Completed Theses 2015

Aquaria PredictProtein integration

Through the Aquaria project it is possible to render visualizations for proteins through the comparison of known sequences. The data on these sequences is acquired from various sources such as the Protein Data Bank (PDB), the Uniprot database and the PSSH2 database of sequencestructure alignments. Within Aquaria, there are mechanisms to access the various databases and construct meaningful objects for the functions of Aquaria to process. Here, we will identify interfaces in the code that can be extracted into Application Programming Interface (API) mechanisms. Through these APIs it will then be possible to feed external data, generated on demand, into Aquaria.

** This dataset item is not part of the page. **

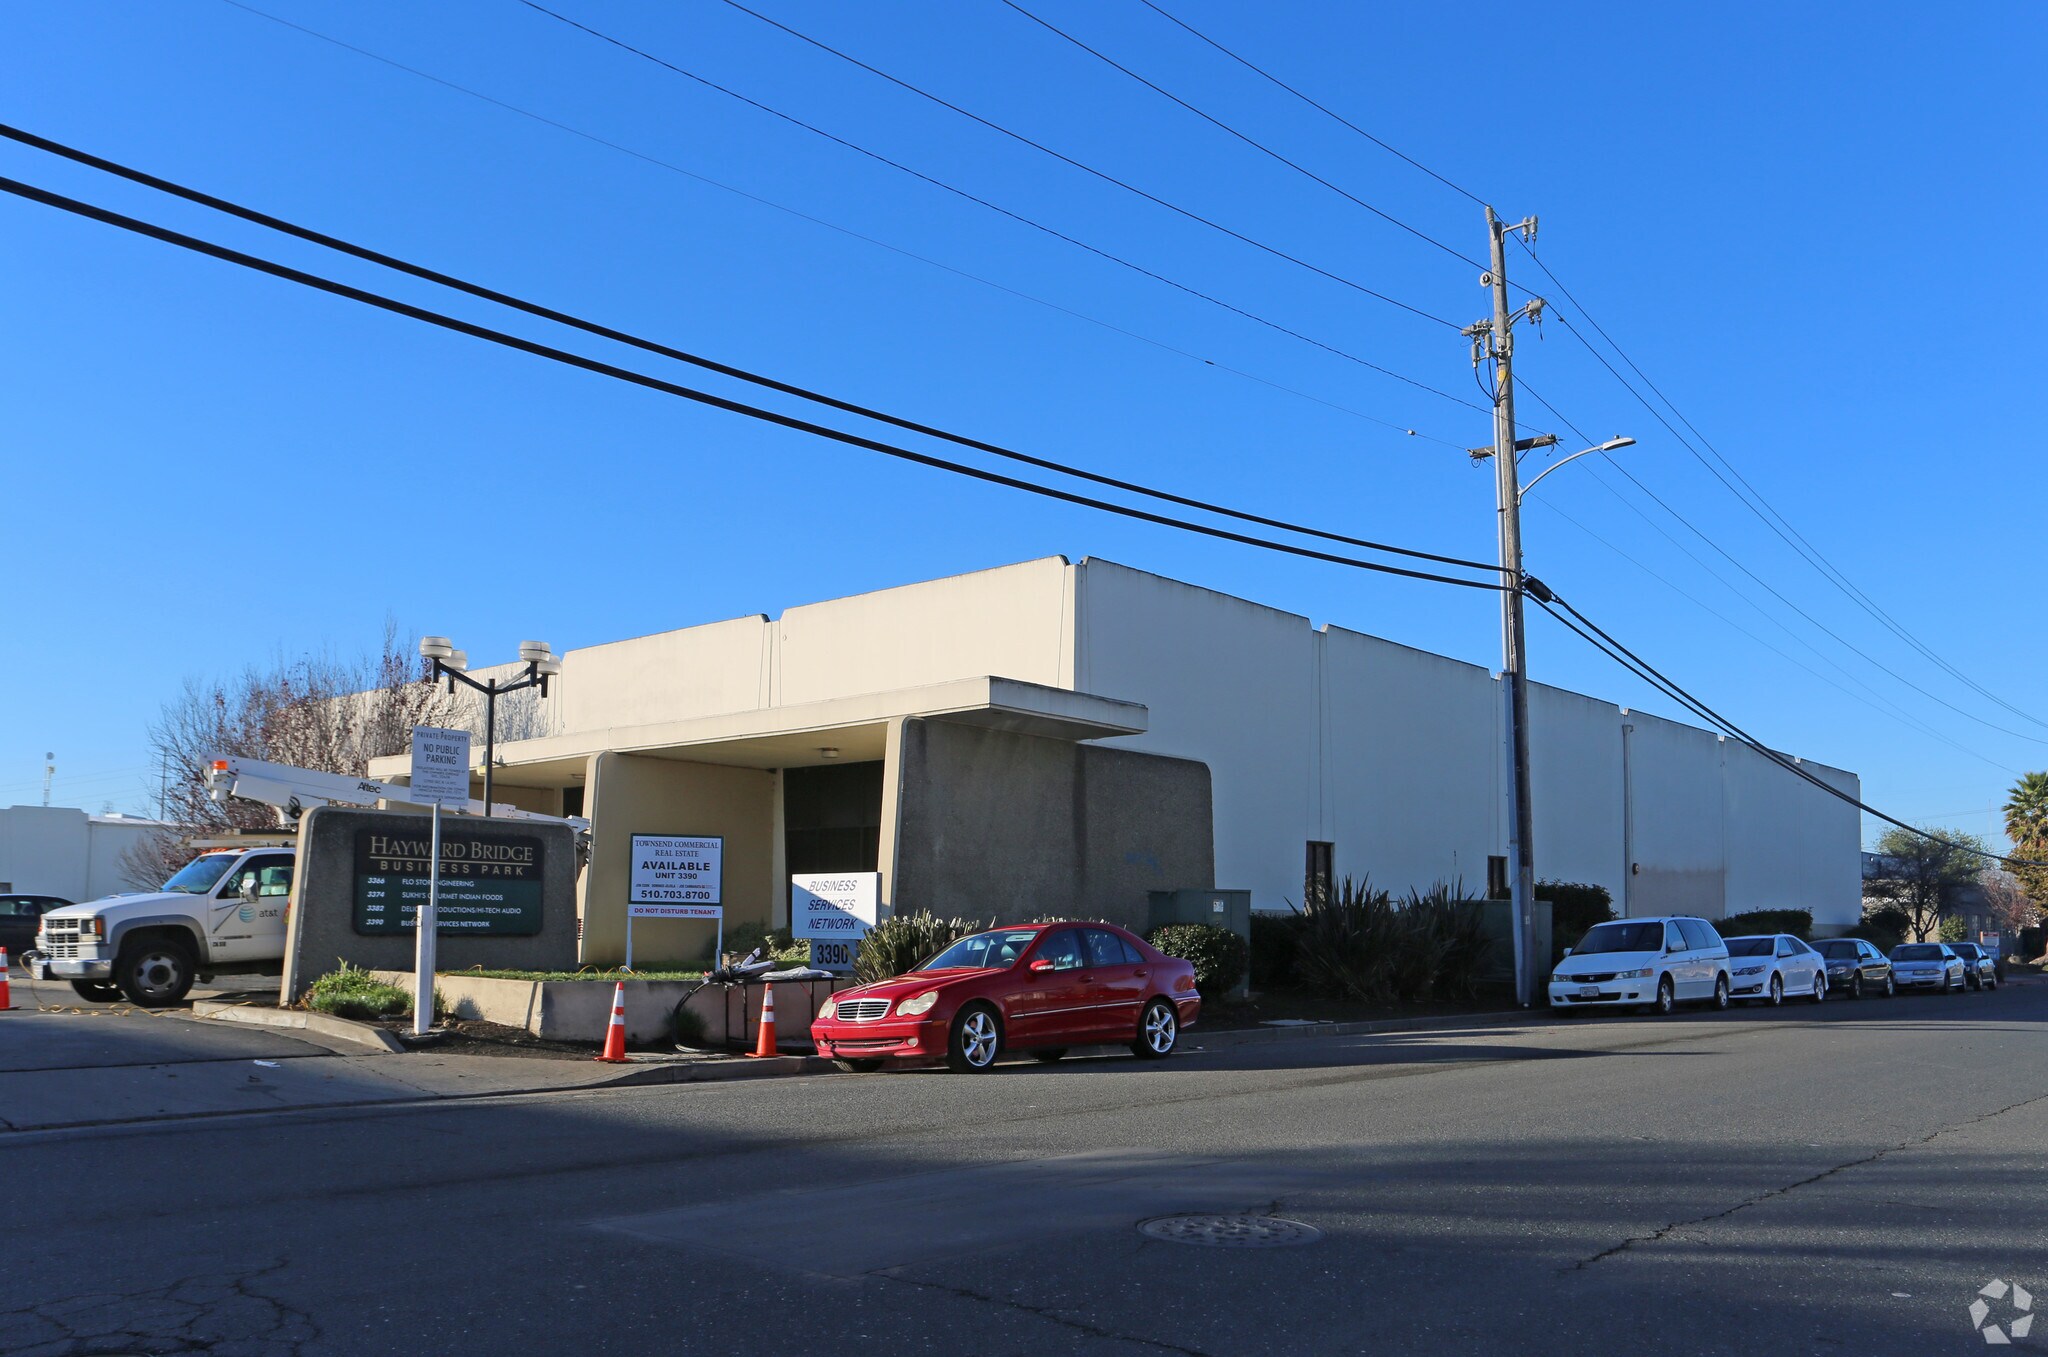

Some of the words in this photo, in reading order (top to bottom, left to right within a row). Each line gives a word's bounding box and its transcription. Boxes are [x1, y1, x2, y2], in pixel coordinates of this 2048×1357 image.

The APIs shall work with J avaScript Object Notation (JSON) files, eg. to transmit data on alignments. We will use the preexisting APIs to feed in annotations generated by PredictProtein. To this end, PredictProtein results will be parsed and transformed into a JSON format Aquaria can use. Finally, a user interface will be added to submit sequences on demand for the structure mapping and for calculating PredictProtein annotations. The submitted sequences and the calculation results will be integrated into the existing databases.

Interdisciplinary Project
Students: Yichun Lin and Christian Dallago
Supervisors: Andrea Schafferhans, Burkhard Rost


Ensemble Learning in Data Streams

Huge amounts of data are generated nowadays from different application domains e.g. social networks, telecommunications, WWW, etc. These are known as stream data. Tradition machine learning algorithms generally feature a single model or classifier such as Naïve Bayes or MLP learned from the entire training set. For stream environment, due to the volume and the nature of the data, realization from complete dataset is not an option. Also, it is fair to assume that these data might have several possible generalization choices. Thus, choosing a single classifier or the best among several classifier is not always optimal. A better alternative would be to build a classifier ensemble. The goal of this thesis, is to investigate current ensemble learning algorithms for streams, and to develop an efficient ensemble model that facilitates classification of streams depending on contents over different time granularities (e.g. short-term, long-term).

Master thesis
Student: Hossain Mahmud
Supervisor: Burkhard Rost
Advisors: Lothar Richter, Eirini Ntoutsi (Research Associate, Lehr- und Forschungseinheit für Datenbanksysteme, LMU)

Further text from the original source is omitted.